─── DATA EXCERPTS ───

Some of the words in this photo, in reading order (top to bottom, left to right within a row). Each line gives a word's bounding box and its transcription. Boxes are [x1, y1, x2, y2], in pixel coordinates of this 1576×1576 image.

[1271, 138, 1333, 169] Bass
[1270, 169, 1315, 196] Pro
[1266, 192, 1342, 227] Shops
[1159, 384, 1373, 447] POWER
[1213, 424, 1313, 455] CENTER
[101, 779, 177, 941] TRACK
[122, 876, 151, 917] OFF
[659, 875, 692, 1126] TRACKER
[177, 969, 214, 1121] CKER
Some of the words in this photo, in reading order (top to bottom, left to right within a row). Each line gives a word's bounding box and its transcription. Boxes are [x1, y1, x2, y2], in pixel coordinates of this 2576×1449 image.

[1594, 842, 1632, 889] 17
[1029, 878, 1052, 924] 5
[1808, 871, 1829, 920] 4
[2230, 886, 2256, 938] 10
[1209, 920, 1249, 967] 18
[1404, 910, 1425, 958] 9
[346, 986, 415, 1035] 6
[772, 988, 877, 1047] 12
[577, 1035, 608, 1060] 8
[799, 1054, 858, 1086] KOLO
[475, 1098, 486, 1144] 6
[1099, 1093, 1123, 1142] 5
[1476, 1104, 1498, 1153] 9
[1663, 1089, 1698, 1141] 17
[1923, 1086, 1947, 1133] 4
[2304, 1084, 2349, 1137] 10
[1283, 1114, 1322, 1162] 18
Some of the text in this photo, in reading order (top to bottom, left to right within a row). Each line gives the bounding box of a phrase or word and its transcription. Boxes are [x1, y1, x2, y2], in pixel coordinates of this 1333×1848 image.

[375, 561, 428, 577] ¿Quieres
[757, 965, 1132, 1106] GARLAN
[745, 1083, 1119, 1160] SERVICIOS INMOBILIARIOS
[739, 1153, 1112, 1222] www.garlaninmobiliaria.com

───

→ THE PROBLEM: Restate, word for word, the final stretch of the entries above: the line containing "Some of the text" and every line after it, up to and including the last.

→ RESPONSE BOX:
Some of the text in this photo, in reading order (top to bottom, left to right within a row). Each line gives the bounding box of a phrase or word and its transcription. Boxes are [x1, y1, x2, y2], in pixel coordinates of this 1333×1848 image.

[375, 561, 428, 577] ¿Quieres
[757, 965, 1132, 1106] GARLAN
[745, 1083, 1119, 1160] SERVICIOS INMOBILIARIOS
[739, 1153, 1112, 1222] www.garlaninmobiliaria.com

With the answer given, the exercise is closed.